Provided entries:
⁂

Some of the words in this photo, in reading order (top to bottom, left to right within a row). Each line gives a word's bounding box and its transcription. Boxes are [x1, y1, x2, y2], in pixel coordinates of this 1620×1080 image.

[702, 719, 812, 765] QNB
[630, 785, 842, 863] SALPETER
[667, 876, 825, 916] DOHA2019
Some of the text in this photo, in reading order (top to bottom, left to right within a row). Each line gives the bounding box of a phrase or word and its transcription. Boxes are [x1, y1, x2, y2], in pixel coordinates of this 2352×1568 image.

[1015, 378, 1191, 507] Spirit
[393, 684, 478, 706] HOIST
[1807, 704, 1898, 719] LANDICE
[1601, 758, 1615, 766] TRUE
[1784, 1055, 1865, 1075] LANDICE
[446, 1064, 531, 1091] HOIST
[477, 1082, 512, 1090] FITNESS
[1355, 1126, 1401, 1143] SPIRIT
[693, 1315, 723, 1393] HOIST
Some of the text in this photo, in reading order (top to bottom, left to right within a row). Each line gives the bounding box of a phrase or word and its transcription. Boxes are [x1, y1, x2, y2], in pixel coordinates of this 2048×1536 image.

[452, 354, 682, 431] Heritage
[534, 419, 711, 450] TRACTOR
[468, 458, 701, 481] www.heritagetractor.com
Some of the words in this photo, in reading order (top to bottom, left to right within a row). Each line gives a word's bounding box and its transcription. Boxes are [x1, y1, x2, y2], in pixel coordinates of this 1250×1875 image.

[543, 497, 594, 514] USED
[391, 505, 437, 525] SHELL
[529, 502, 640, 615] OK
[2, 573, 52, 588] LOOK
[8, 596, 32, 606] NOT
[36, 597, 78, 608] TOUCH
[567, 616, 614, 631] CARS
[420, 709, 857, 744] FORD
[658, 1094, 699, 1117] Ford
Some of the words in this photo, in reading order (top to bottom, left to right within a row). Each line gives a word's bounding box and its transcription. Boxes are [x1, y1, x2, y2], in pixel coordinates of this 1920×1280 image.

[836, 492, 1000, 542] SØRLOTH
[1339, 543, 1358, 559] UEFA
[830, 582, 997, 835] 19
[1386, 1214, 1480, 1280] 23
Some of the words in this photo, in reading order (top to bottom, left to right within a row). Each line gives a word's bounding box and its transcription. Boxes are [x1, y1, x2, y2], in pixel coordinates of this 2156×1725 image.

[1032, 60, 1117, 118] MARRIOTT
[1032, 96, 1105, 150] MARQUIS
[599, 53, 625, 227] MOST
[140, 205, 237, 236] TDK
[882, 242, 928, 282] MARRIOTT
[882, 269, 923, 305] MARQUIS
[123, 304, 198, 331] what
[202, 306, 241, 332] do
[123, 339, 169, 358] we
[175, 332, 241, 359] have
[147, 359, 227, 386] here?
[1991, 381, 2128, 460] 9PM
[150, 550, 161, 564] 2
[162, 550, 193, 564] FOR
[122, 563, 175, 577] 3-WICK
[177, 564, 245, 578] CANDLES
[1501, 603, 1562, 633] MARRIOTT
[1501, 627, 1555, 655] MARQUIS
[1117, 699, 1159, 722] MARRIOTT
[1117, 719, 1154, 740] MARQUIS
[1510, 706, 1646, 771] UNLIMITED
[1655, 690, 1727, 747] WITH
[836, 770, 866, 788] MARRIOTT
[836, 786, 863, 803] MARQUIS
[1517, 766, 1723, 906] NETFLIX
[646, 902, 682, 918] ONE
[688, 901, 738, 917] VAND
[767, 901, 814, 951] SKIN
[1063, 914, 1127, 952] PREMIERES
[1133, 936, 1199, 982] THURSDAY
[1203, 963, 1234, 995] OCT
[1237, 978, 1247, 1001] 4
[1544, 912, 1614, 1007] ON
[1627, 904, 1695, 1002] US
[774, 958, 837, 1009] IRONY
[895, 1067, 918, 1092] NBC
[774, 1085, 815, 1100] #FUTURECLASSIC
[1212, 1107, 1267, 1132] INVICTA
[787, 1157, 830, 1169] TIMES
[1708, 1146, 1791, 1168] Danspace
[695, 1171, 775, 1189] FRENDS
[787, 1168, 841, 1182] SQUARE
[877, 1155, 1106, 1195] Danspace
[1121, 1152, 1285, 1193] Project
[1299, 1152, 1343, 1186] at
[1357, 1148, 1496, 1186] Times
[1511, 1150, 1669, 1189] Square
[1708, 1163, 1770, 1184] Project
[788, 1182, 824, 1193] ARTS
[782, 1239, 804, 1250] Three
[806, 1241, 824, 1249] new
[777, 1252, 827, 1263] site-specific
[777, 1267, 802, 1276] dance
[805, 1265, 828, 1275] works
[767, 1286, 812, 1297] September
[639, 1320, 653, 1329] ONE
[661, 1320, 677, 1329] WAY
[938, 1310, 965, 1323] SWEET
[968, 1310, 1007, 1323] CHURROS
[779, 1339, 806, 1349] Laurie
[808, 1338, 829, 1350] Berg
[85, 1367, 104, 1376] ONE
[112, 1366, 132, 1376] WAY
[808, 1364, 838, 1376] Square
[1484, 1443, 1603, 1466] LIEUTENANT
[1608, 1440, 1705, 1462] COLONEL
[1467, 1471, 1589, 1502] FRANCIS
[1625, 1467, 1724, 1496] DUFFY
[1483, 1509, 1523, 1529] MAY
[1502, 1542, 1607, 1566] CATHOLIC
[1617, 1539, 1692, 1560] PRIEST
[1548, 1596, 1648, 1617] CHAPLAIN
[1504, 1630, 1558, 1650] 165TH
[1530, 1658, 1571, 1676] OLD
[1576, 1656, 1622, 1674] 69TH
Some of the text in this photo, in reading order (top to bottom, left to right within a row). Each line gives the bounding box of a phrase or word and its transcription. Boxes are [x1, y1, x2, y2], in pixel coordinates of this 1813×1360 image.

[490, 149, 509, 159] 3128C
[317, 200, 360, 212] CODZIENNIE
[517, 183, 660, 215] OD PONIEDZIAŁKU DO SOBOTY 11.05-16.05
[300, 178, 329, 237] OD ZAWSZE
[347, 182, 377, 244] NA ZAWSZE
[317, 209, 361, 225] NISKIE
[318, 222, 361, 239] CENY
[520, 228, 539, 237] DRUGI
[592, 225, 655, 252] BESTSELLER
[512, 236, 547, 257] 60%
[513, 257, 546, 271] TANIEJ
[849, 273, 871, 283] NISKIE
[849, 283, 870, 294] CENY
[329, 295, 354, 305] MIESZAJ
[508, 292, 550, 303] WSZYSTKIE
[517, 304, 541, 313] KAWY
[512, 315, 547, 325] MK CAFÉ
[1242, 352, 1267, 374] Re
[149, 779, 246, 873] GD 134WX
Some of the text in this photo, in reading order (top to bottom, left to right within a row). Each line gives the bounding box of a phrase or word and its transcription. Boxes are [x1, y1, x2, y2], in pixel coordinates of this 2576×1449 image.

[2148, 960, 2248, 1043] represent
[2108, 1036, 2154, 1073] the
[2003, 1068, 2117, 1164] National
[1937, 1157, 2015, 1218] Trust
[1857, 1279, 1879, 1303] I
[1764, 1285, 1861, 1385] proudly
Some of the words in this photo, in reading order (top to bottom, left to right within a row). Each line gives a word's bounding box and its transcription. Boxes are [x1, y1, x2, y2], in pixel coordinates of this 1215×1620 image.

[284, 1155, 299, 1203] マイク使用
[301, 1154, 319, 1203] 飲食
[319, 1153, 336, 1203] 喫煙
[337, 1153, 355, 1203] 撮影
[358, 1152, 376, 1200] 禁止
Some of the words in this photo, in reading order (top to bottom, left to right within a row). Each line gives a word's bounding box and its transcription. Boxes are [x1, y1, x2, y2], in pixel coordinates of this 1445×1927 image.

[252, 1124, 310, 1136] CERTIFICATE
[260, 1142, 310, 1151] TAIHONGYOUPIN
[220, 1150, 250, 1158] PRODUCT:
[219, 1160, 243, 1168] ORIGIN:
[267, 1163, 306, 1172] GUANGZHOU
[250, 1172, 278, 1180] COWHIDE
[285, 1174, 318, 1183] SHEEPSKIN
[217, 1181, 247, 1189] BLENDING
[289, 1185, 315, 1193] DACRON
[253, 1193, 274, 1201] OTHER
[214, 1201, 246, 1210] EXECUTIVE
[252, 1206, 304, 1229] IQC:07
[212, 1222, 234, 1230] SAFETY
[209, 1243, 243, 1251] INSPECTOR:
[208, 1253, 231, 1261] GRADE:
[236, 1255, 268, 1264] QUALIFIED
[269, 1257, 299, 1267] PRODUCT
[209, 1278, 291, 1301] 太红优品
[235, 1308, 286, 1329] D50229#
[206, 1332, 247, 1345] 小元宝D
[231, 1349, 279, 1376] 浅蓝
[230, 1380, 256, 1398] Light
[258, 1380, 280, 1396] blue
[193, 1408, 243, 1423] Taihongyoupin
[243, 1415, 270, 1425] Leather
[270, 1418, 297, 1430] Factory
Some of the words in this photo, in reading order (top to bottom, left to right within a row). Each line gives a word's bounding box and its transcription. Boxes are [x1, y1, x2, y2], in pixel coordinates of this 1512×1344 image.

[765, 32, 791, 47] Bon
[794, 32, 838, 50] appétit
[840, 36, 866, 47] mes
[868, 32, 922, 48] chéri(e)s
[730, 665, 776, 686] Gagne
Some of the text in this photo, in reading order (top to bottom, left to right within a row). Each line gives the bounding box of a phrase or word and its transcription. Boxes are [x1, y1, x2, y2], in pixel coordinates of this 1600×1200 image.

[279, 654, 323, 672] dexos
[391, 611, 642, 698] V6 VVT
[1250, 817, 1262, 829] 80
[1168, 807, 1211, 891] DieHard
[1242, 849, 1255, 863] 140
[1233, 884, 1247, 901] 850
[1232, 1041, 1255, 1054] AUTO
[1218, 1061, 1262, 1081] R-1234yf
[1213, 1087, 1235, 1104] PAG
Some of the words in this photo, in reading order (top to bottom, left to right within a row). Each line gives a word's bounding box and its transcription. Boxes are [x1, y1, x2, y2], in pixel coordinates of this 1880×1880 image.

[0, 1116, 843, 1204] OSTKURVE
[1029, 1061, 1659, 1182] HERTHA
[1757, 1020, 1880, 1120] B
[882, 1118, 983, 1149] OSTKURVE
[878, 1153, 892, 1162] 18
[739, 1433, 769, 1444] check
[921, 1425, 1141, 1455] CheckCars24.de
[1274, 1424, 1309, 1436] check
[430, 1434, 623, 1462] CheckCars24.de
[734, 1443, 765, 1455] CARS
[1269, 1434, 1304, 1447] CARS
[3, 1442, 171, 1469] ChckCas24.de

⁂

Task statement: No line before the one containing "this 1880×1880 image." should be copied; restate that line and all the rest through the end of the data above word for word.

Answer to this problem:
Some of the words in this photo, in reading order (top to bottom, left to right within a row). Each line gives a word's bounding box and its transcription. Boxes are [x1, y1, x2, y2], in pixel coordinates of this 1880×1880 image.

[0, 1116, 843, 1204] OSTKURVE
[1029, 1061, 1659, 1182] HERTHA
[1757, 1020, 1880, 1120] B
[882, 1118, 983, 1149] OSTKURVE
[878, 1153, 892, 1162] 18
[739, 1433, 769, 1444] check
[921, 1425, 1141, 1455] CheckCars24.de
[1274, 1424, 1309, 1436] check
[430, 1434, 623, 1462] CheckCars24.de
[734, 1443, 765, 1455] CARS
[1269, 1434, 1304, 1447] CARS
[3, 1442, 171, 1469] ChckCas24.de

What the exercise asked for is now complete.